Do You Have MS?

If you can, imagine what a policeman would do if given this profile of a robber from a witness: “More than likely the suspect was female between 20-40 years of age with northern European ancestors. Chances is good that the suspect lived in the more temperate regions than the tropical ones for the first 15 years of their life”?

Do you sound like a suspect? If so, unfortunately, you could be a MS suspect. Although the chances are higher for this class of global citizens, anyone can be a candidate for MS. A rule to remember with MS is- there are no rules!
Symptoms vary and the disease process isn’t restricted to a time schedule. In fact, the symptoms can worsen, change or remit for a length of time. It is even possible for the remittent form to change into the progressive form.

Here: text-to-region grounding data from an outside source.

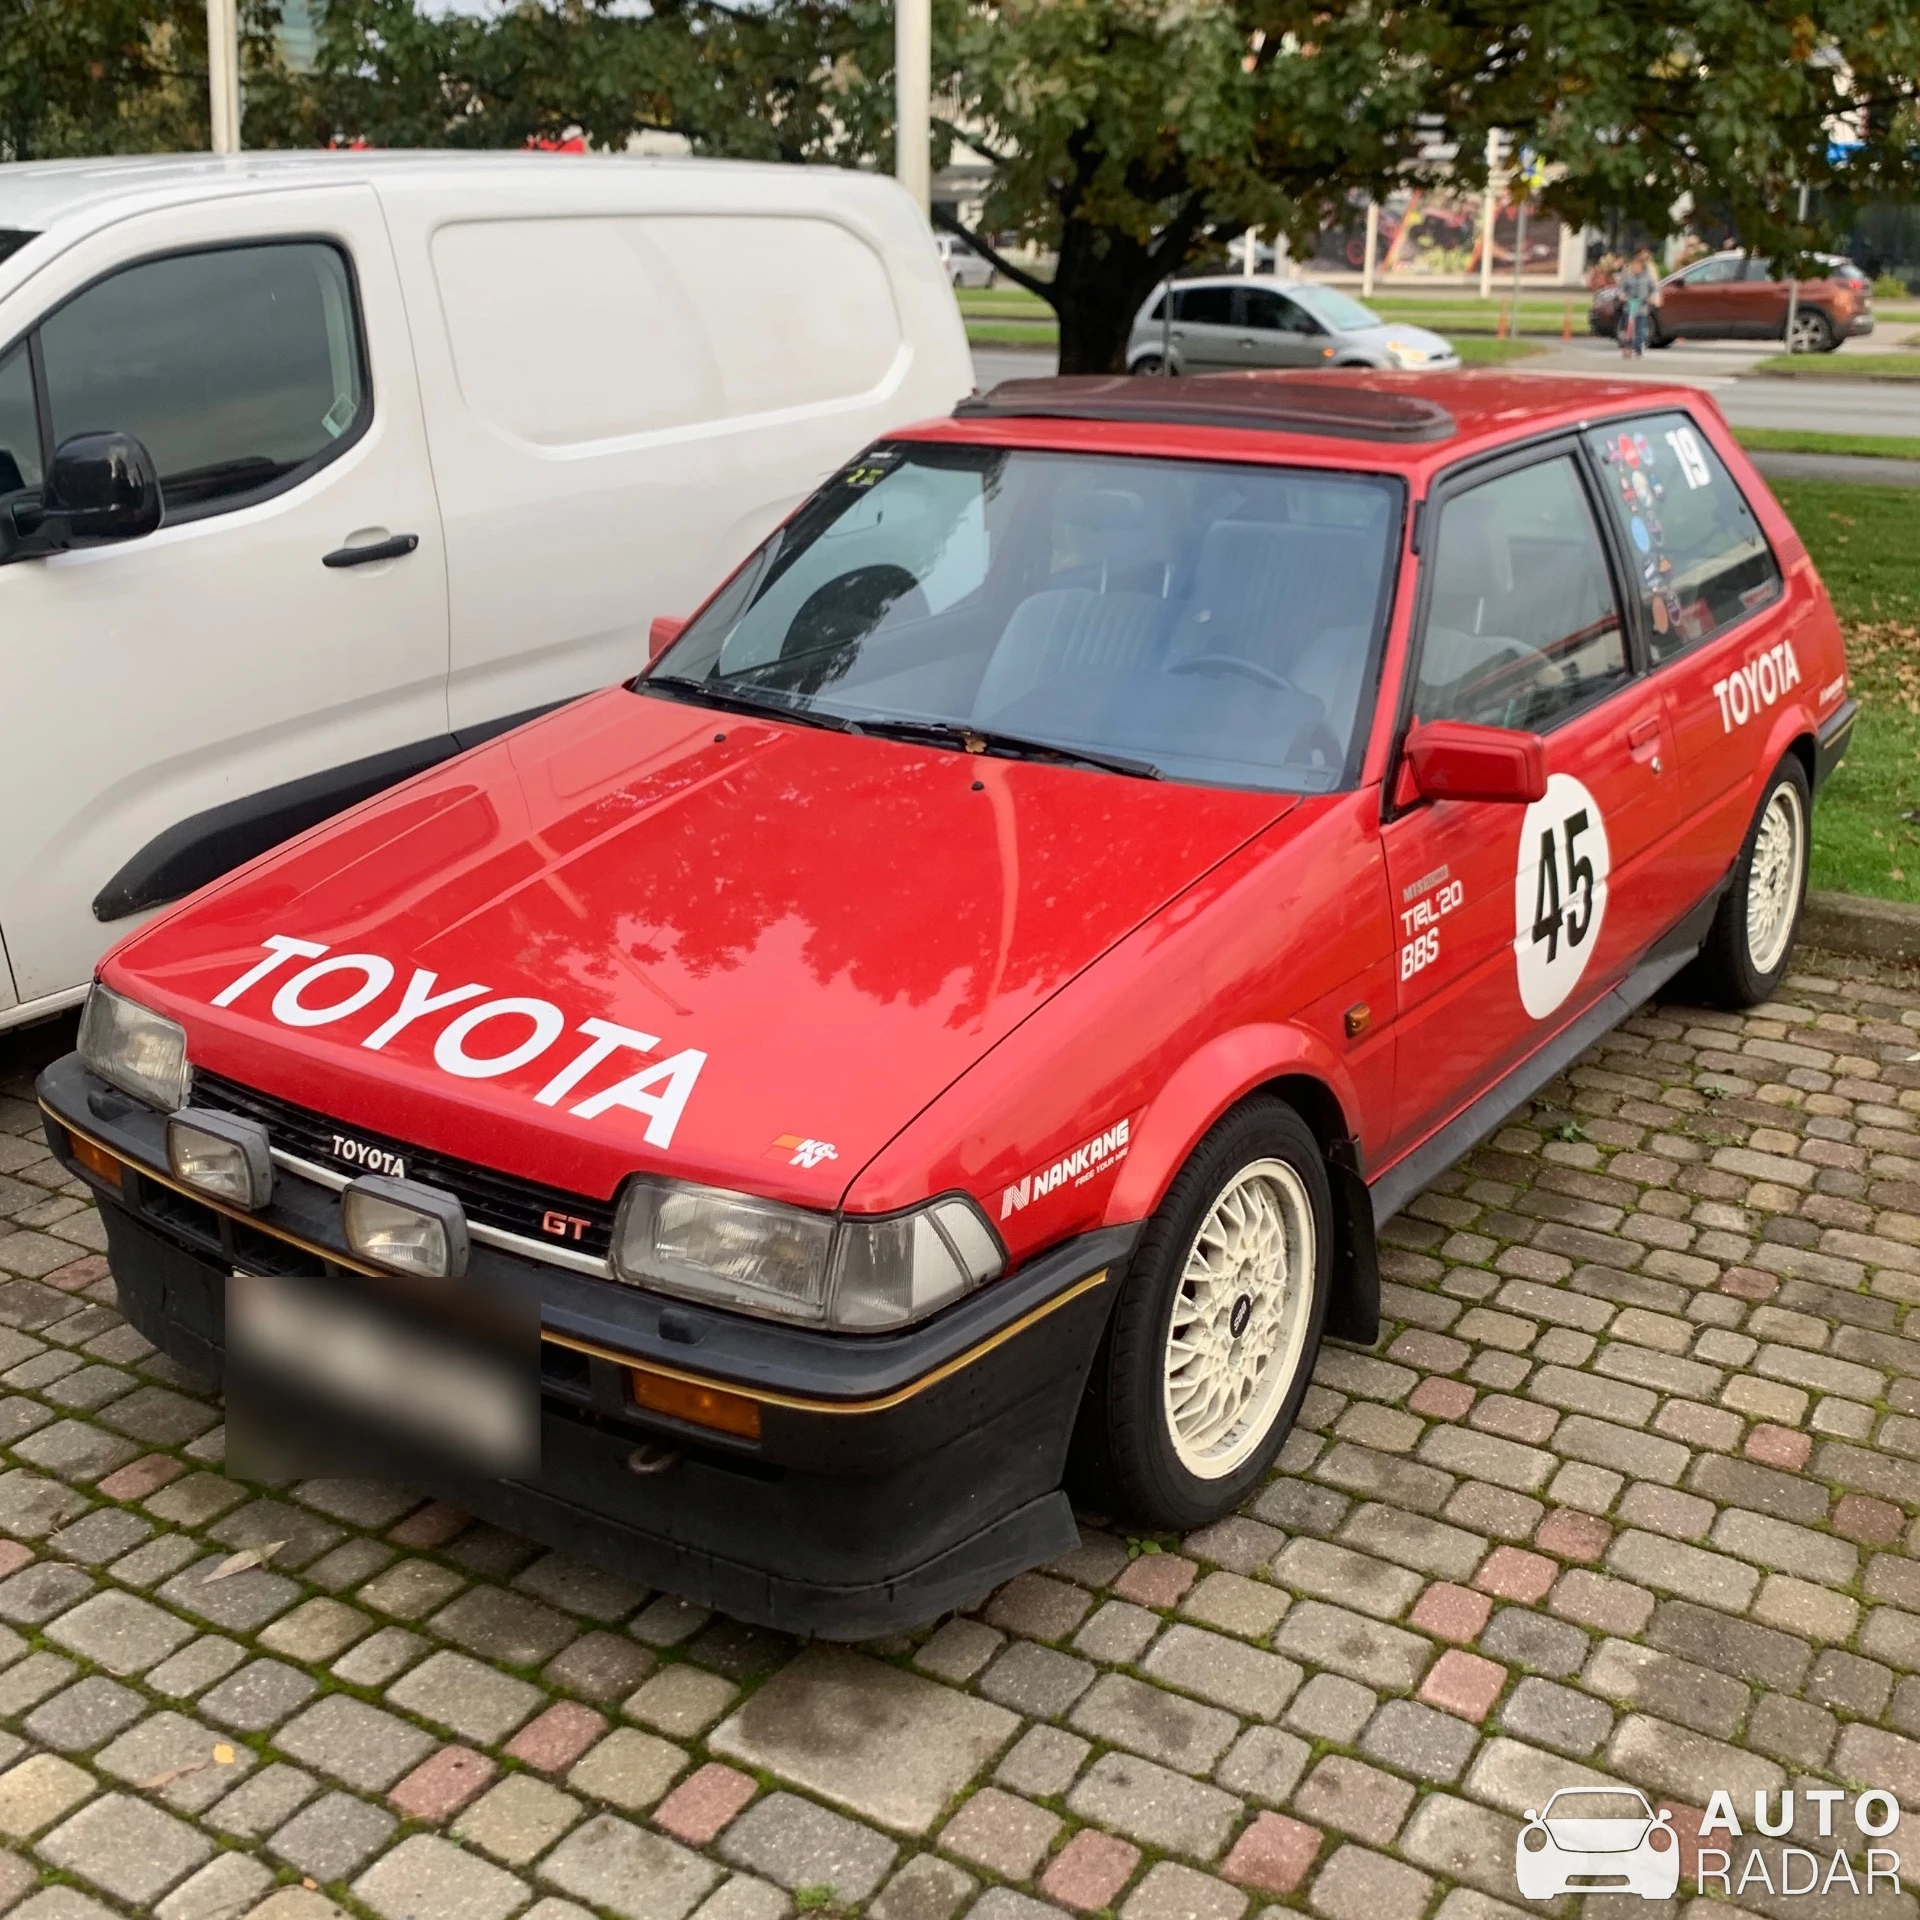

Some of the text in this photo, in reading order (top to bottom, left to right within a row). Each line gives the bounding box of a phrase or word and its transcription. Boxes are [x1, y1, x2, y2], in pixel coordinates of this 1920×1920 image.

[1665, 427, 1711, 489] 19
[1713, 639, 1801, 734] TOYOTA
[1531, 807, 1594, 965] 45
[1401, 926, 1440, 982] BBS
[210, 934, 708, 1150] TOYOTA
[332, 1135, 405, 1179] TOYOTA
[1033, 1118, 1129, 1202] NANKANG
[543, 1210, 592, 1240] GT

There is 400,000 Americans that have MS. Symptoms can be mild or severe, and constant or remittent and include any of the following: muscle stiffness or spasms, vision problems, weakness or unusual tiredness, numbness or tingling, dragging of feet, staggering or loss of balance, trembling or twitching, poor coordination, loss of bladder or bowel control, or sexual problems, problems with memory, concentration, or rapid problem-solving skills, speech problems, partial or complete paralysis of any part of the body.

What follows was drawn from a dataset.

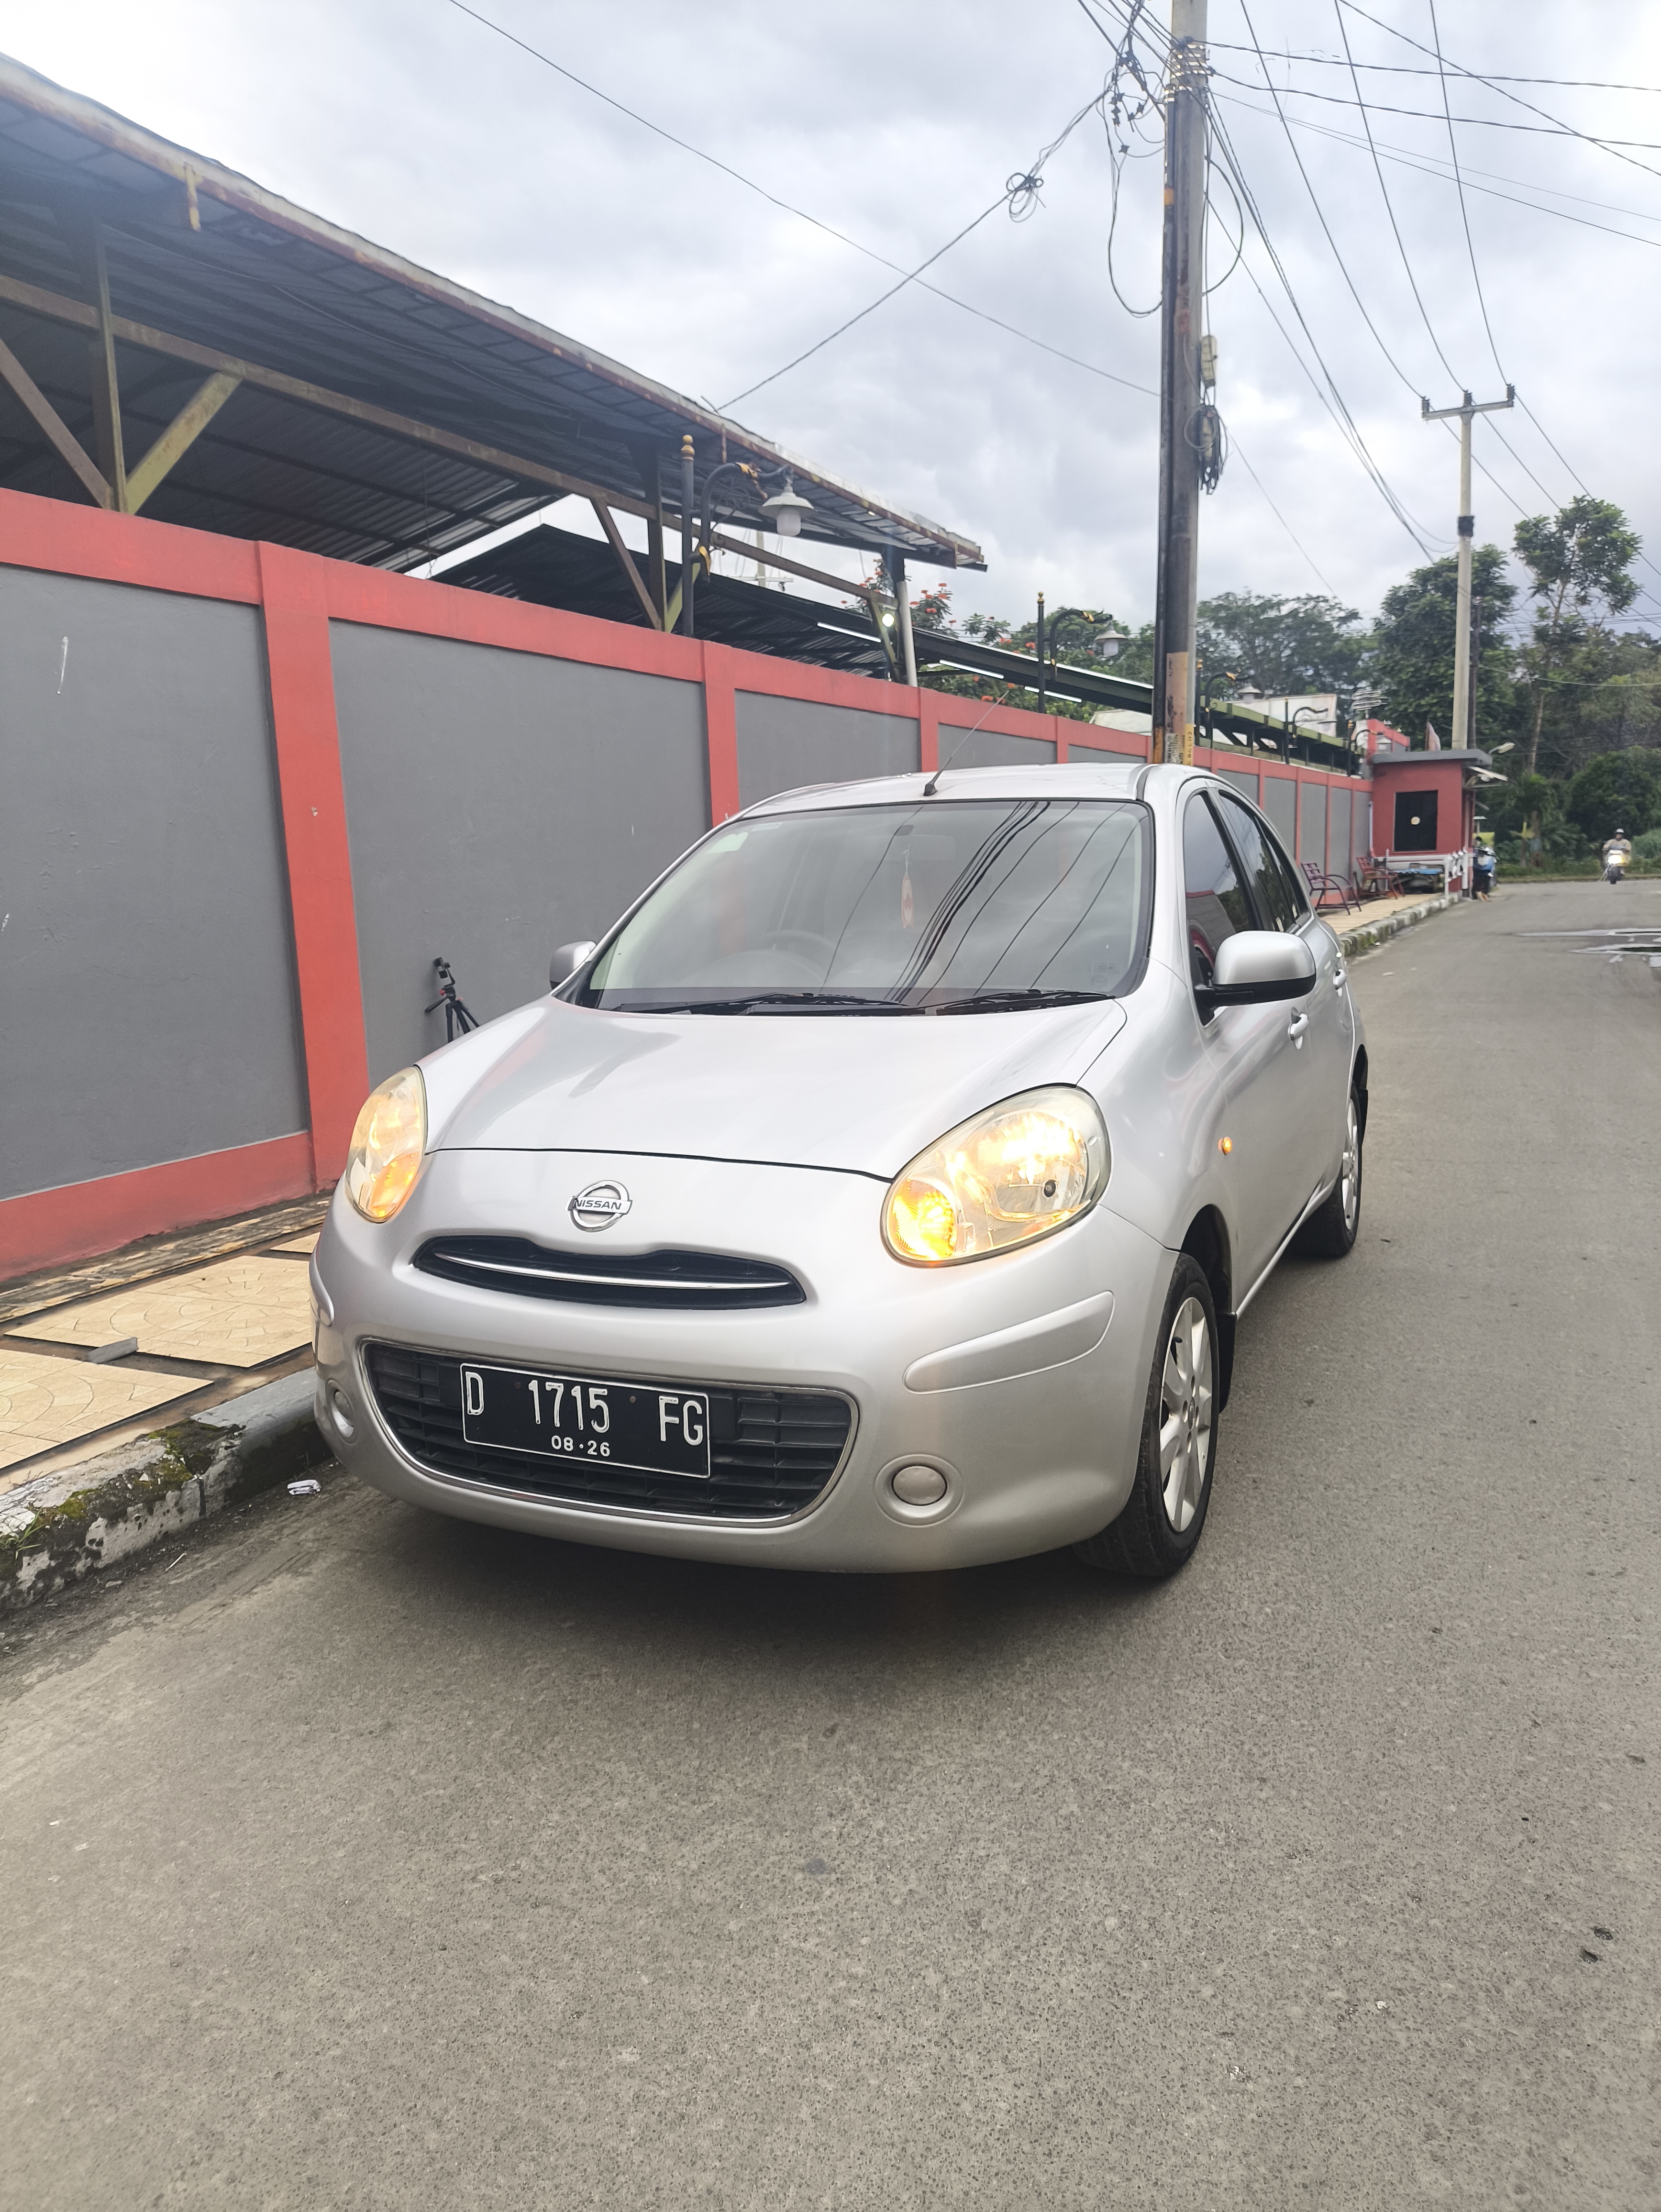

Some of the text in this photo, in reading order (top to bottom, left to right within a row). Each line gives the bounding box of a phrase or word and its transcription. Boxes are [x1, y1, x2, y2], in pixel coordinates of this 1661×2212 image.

[572, 1199, 622, 1210] NISSAN
[465, 1371, 703, 1446] D 1715 FG

Obviously, it is very easy for a physician to misdiagnose MS as another condition, or just as commonly, a wait and see approach to the diagnosis. The question is, would it be better to let everything roll on, or better to have hold of the steering wheel?

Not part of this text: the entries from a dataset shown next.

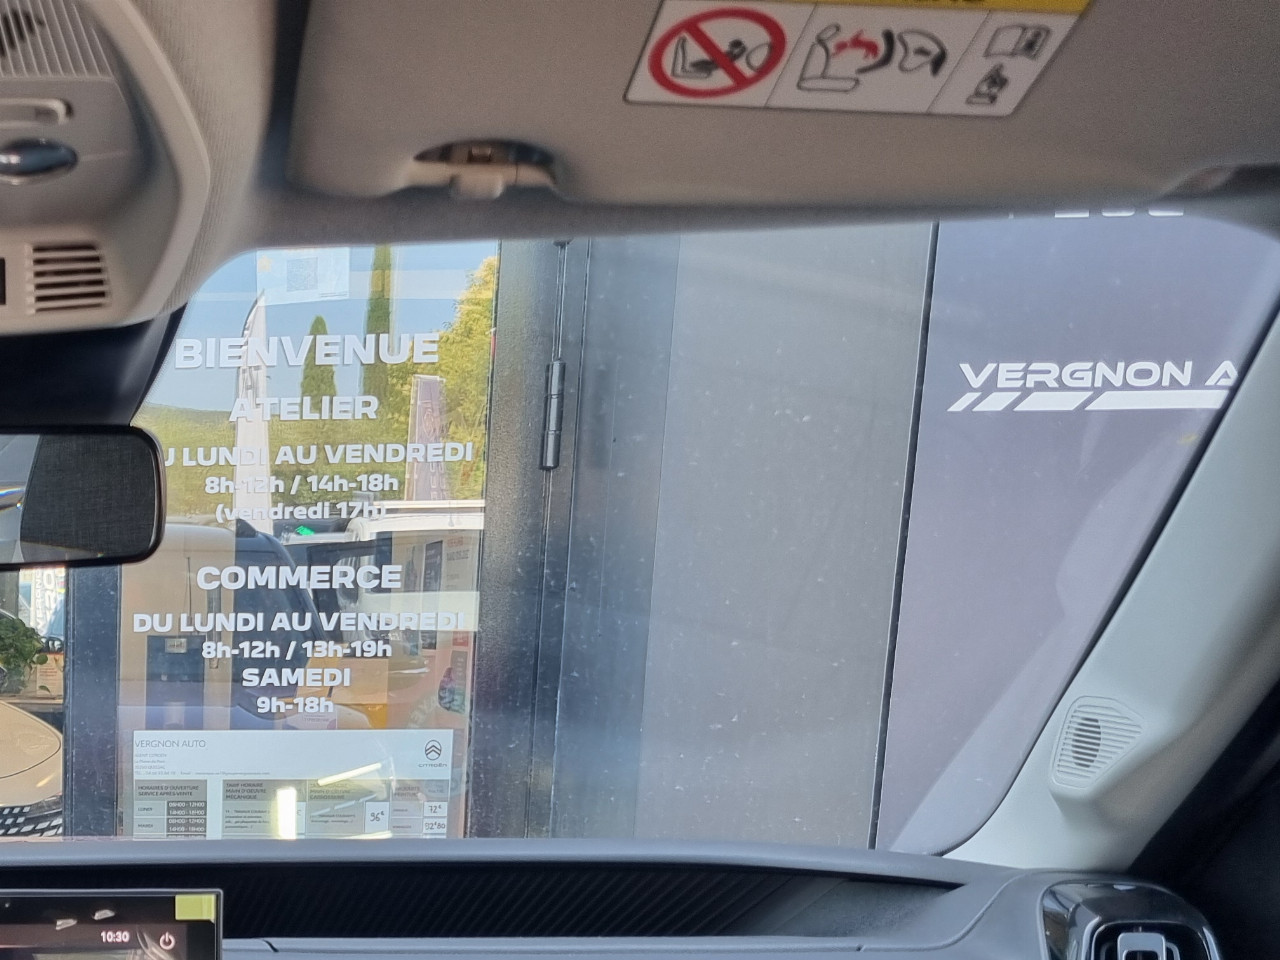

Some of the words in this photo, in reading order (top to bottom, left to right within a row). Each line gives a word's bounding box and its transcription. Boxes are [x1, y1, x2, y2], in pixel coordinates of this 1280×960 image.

[175, 333, 440, 369] BIENVENUE
[959, 361, 1193, 388] VERGNON
[229, 395, 379, 422] ATELIER
[182, 446, 267, 467] LUNDI
[275, 445, 317, 465] AU
[321, 442, 473, 464] VENDREDI
[205, 475, 284, 494] 8h-12h
[290, 475, 300, 495] /
[307, 474, 398, 492] 14h-18h
[216, 502, 330, 523] (vendredi
[336, 501, 386, 520] 17h)
[197, 564, 402, 590] COMMERCE
[133, 613, 172, 633] DU
[180, 613, 263, 632] LUNDI
[271, 613, 313, 632] AU
[320, 612, 465, 631] VENDREDI
[202, 641, 279, 659] 8h-12h
[285, 641, 295, 660] /
[302, 640, 392, 658] 13h-19h
[242, 668, 351, 687] SAMEDI
[256, 697, 334, 713] 9h-18h
[135, 740, 179, 748] VERGNON
[182, 740, 206, 748] AUTO
[101, 931, 130, 943] 10:30

The answer to this question is a personal one. There is no ‘one’ right answer. But if your answer was to take control, then you might want to mention the disease to the doctor. It is your duty as a patient to follow orders, and to discuss health concerns.
Don’t depend on the doctor to know everything. Over-looking the possibility of MS is not a sign of malpractice. If you are concerned about the possibility of having MS, or if a family member suffers from MS, ask him to screen for it. Especially if your doctor thinks your symptoms are psychological, ask to be tested.

Screening doesn’t need to be invasive or painful. An MRI (Magnetic Resonance Imaging) can be used to screen for the possibility of MS. If ‘white patches’ are discovered, lumbar puncture and evoked potentials tests could be ordered for a more definite diagnosis. The other procedures are more invasive, so the MRI scan should be the first step.